## THE DATA

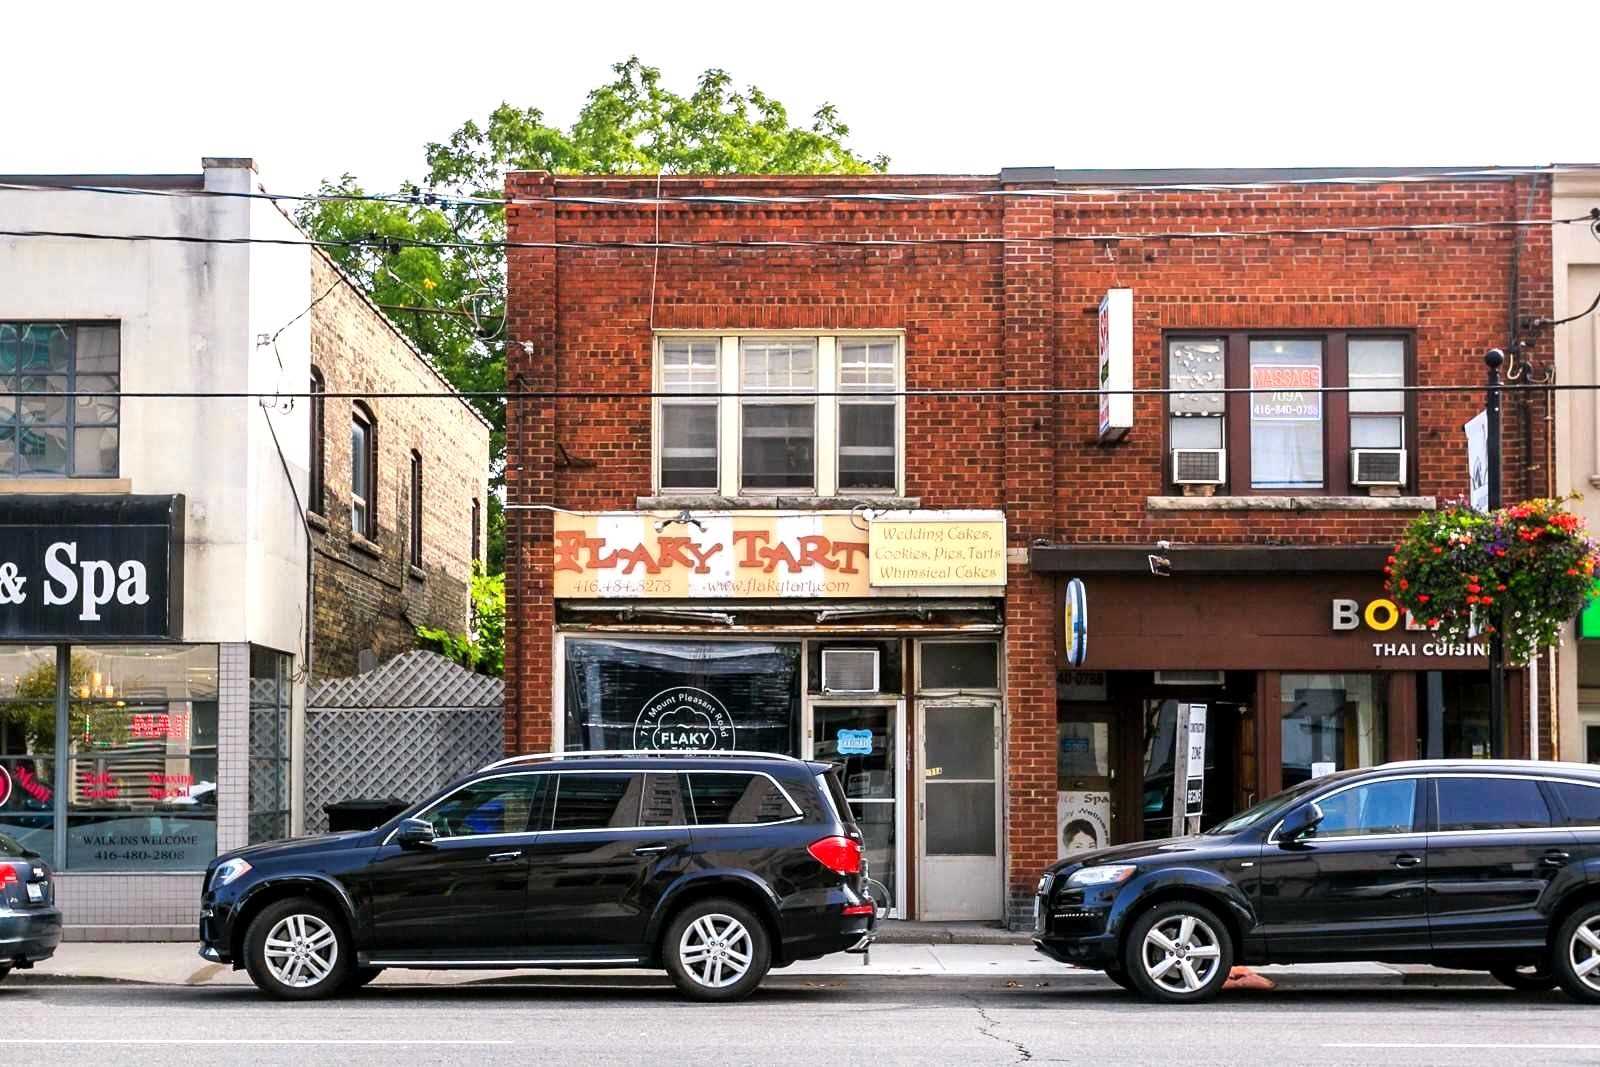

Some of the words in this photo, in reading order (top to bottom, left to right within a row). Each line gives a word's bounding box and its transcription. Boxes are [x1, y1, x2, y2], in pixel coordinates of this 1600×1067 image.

[1254, 369, 1319, 387] MASSAGE
[883, 527, 944, 542] Wedding
[947, 526, 992, 541] Cakes,
[554, 530, 723, 574] FLAKY
[732, 530, 870, 574] TART
[968, 546, 1001, 560] Tarts
[880, 566, 951, 579] Whimsical
[955, 565, 997, 578] Cakes
[0, 562, 27, 605] &
[43, 541, 150, 621] Spa
[707, 576, 851, 595] www.flakytart.com
[1373, 643, 1416, 656] THAI
[1422, 642, 1491, 657] CUISIN
[648, 696, 677, 718] Mount
[679, 693, 716, 714] Pleasant
[714, 712, 729, 738] Road
[661, 732, 710, 745] FLAKY
[1084, 793, 1109, 805] Spa
[140, 835, 199, 846] WELCOME
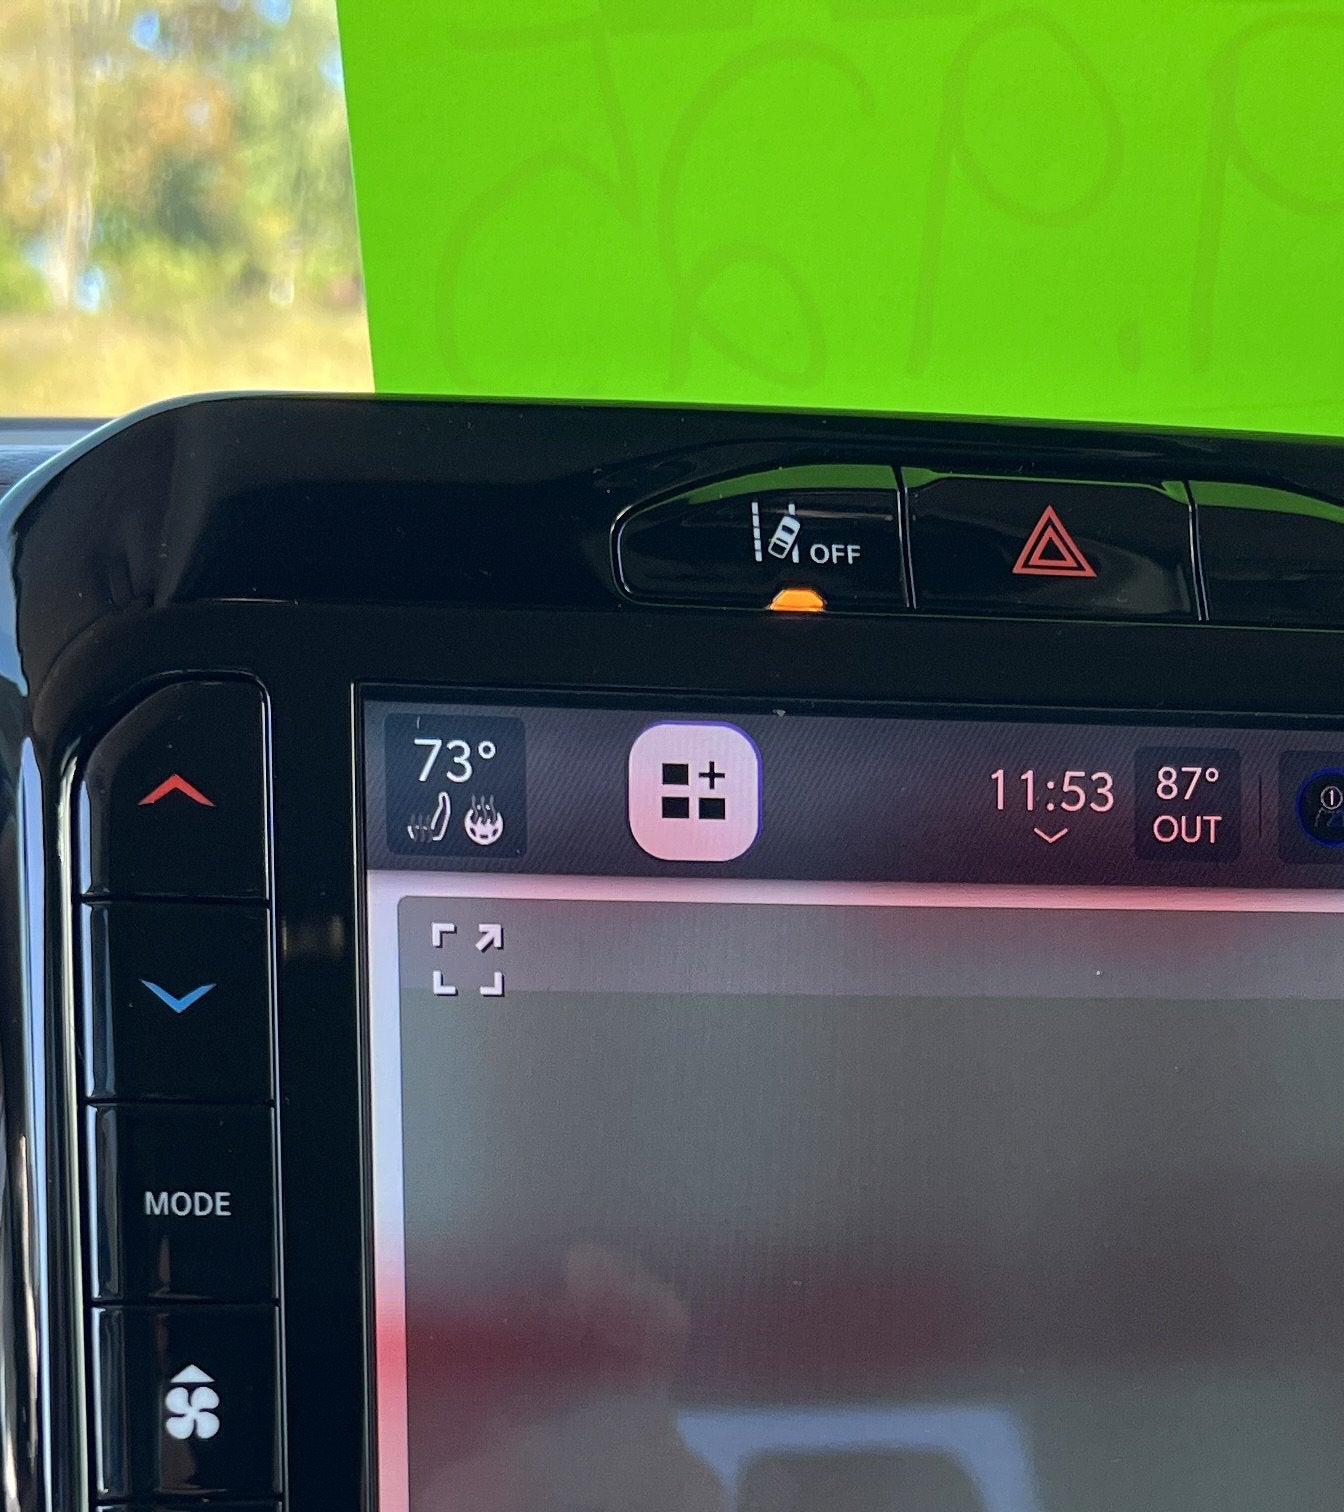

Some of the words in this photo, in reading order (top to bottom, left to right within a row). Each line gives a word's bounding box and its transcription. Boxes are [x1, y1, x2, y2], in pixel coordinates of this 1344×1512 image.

## EXERCISE
If pictures appear in the data, omit them and copy all other parts exactly.

## EXPECTED OUTPUT
Some of the words in this photo, in reading order (top to bottom, left to right within a row). Each line gives a word's bounding box and its transcription. Boxes are [x1, y1, x2, y2], in pixel coordinates of this 1600×1067 image.

[1254, 369, 1319, 387] MASSAGE
[883, 527, 944, 542] Wedding
[947, 526, 992, 541] Cakes,
[554, 530, 723, 574] FLAKY
[732, 530, 870, 574] TART
[968, 546, 1001, 560] Tarts
[880, 566, 951, 579] Whimsical
[955, 565, 997, 578] Cakes
[0, 562, 27, 605] &
[43, 541, 150, 621] Spa
[707, 576, 851, 595] www.flakytart.com
[1373, 643, 1416, 656] THAI
[1422, 642, 1491, 657] CUISIN
[648, 696, 677, 718] Mount
[679, 693, 716, 714] Pleasant
[714, 712, 729, 738] Road
[661, 732, 710, 745] FLAKY
[1084, 793, 1109, 805] Spa
[140, 835, 199, 846] WELCOME

Some of the words in this photo, in reading order (top to bottom, left to right within a row). Each line gives a word's bounding box and its transcription. Boxes are [x1, y1, x2, y2], in pixel coordinates of this 1344×1512 image.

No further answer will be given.